<<<<
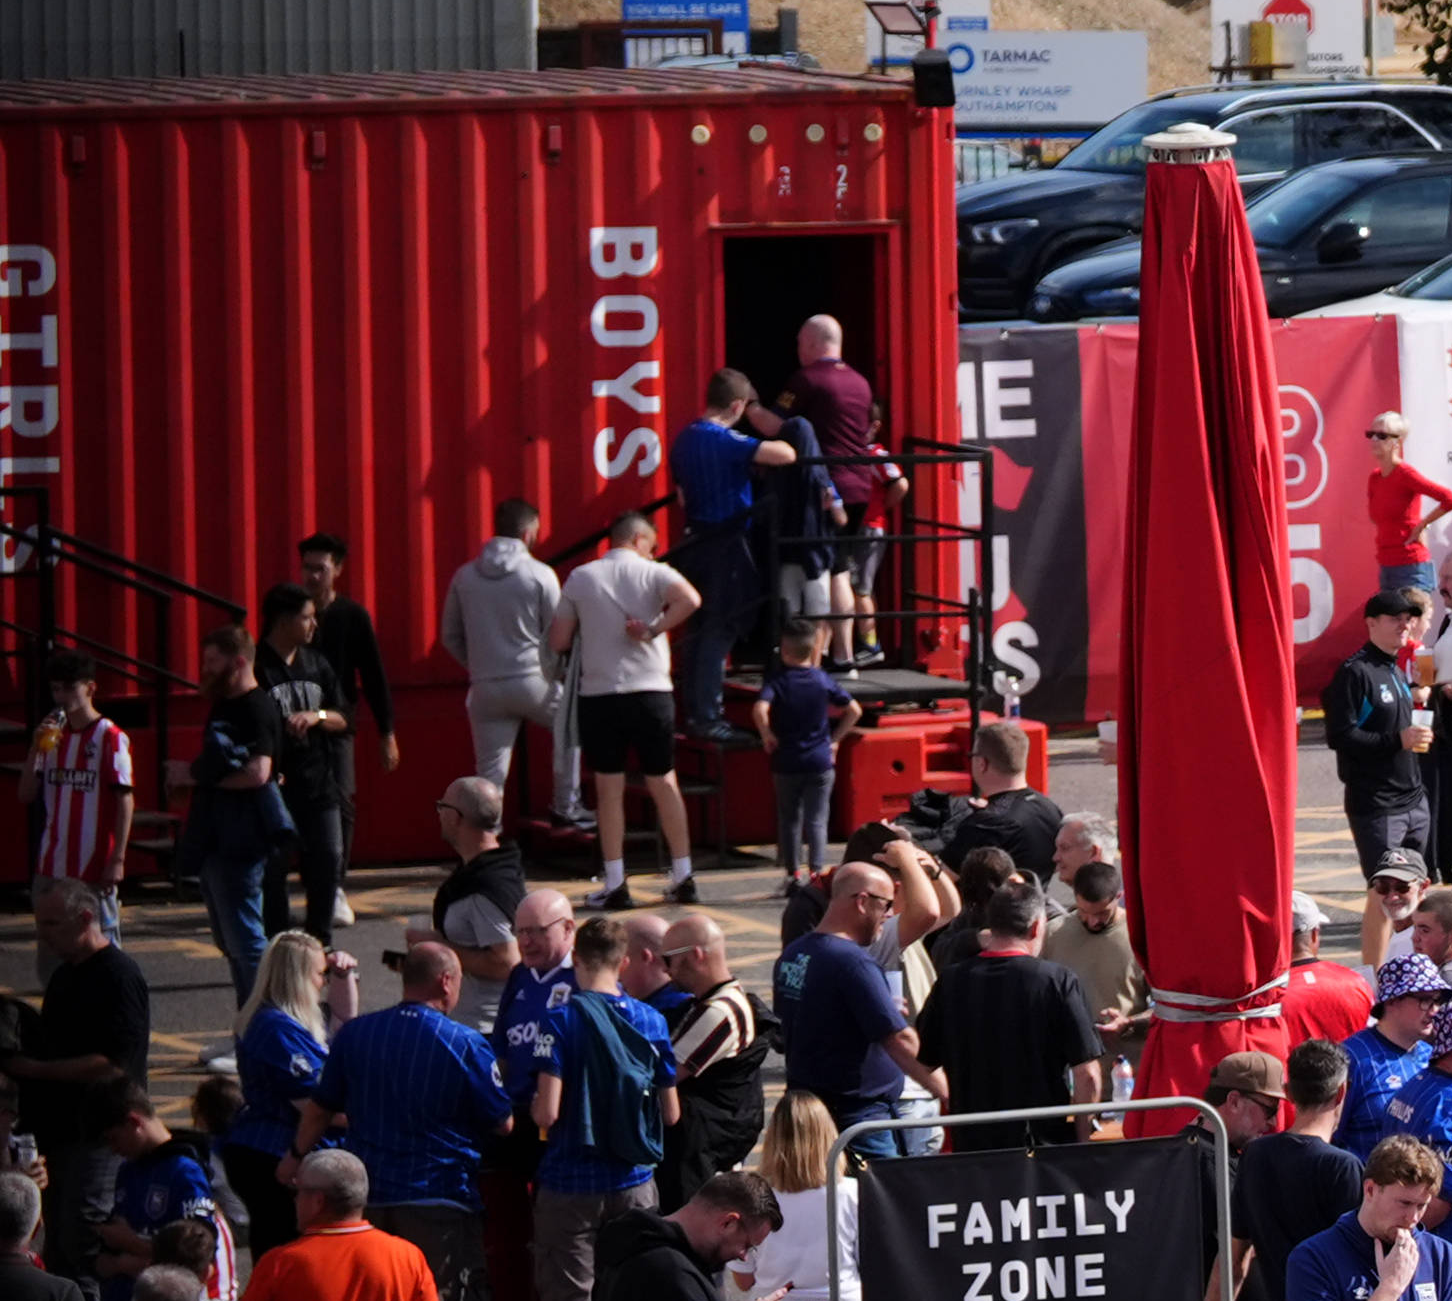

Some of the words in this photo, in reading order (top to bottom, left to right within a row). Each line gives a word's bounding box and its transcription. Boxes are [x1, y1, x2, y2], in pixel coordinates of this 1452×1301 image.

[982, 49, 1051, 64] TARMAC
[1304, 52, 1344, 62] ISITORS
[954, 85, 1012, 97] URNLEY
[954, 99, 1058, 112] OUTHAMPTON
[588, 225, 664, 480] BOYS
[927, 1189, 1136, 1249] FAMILY
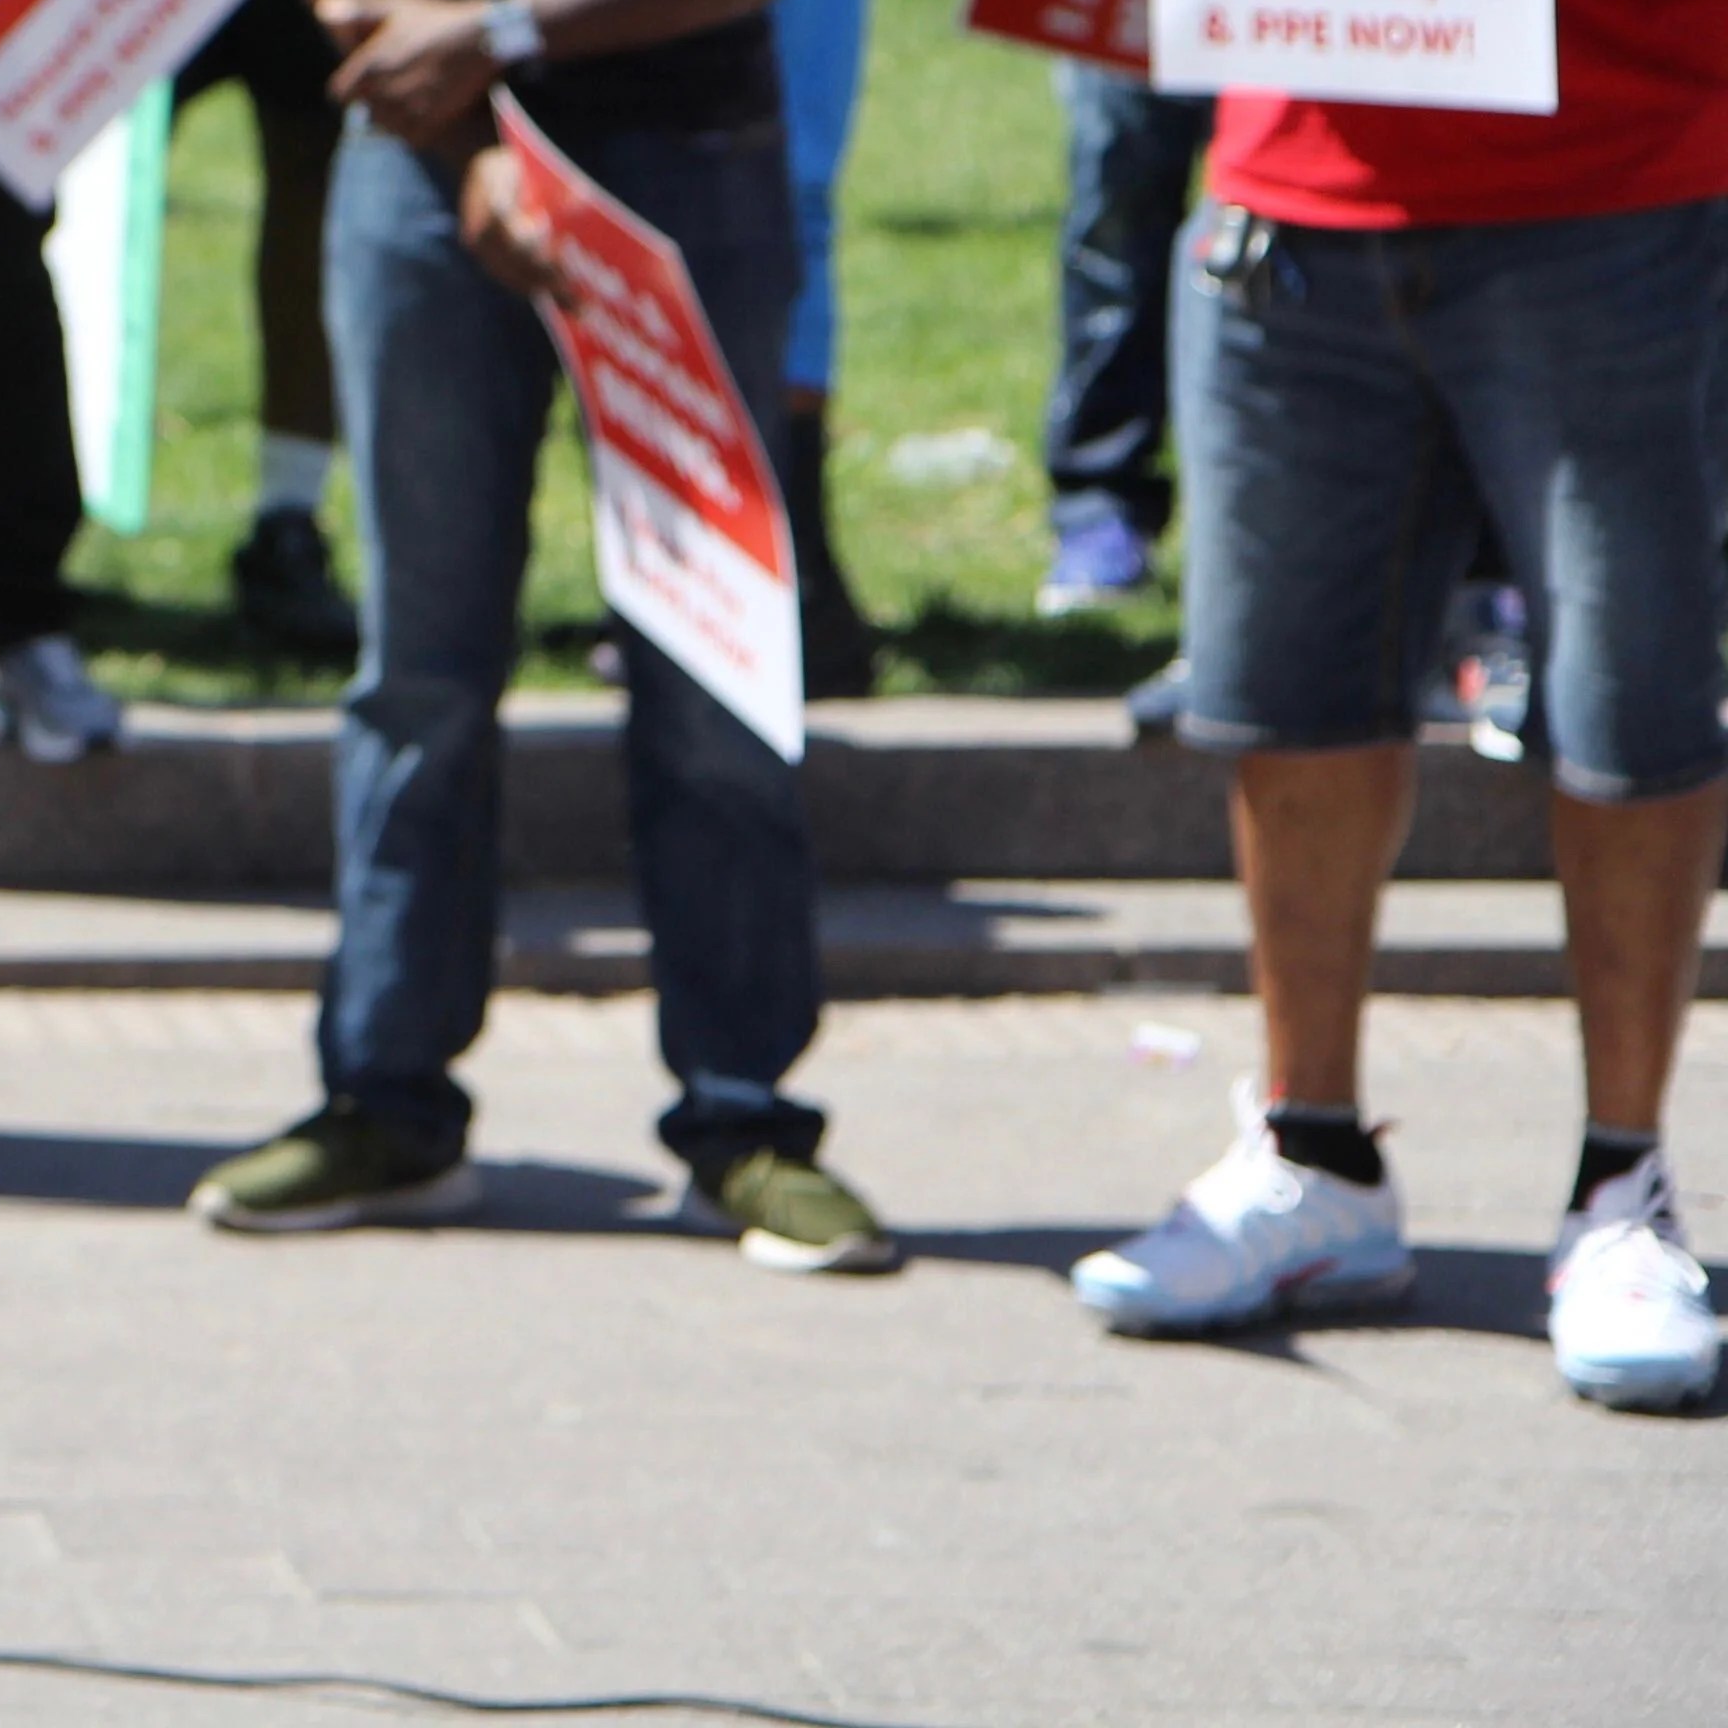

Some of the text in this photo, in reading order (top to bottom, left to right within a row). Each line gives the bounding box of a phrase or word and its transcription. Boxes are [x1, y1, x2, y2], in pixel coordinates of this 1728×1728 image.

[1203, 3, 1475, 60] & PPE NOW!
>>>>
What you have to do: Transcribe the listing word for word, but keep its pictures out of the copy.

Exercise result:
Some of the words in this photo, in reading order (top to bottom, left to right within a row). Each line gives a word's bounding box and its transcription. Boxes are [x1, y1, x2, y2], in pixel coordinates of this 1452×1301 image.

[982, 49, 1051, 64] TARMAC
[1304, 52, 1344, 62] ISITORS
[954, 85, 1012, 97] URNLEY
[954, 99, 1058, 112] OUTHAMPTON
[588, 225, 664, 480] BOYS
[927, 1189, 1136, 1249] FAMILY

Some of the text in this photo, in reading order (top to bottom, left to right within a row). Each line gives the bounding box of a phrase or word and its transcription. Boxes are [x1, y1, x2, y2], in pixel coordinates of this 1728×1728 image.

[1203, 3, 1475, 60] & PPE NOW!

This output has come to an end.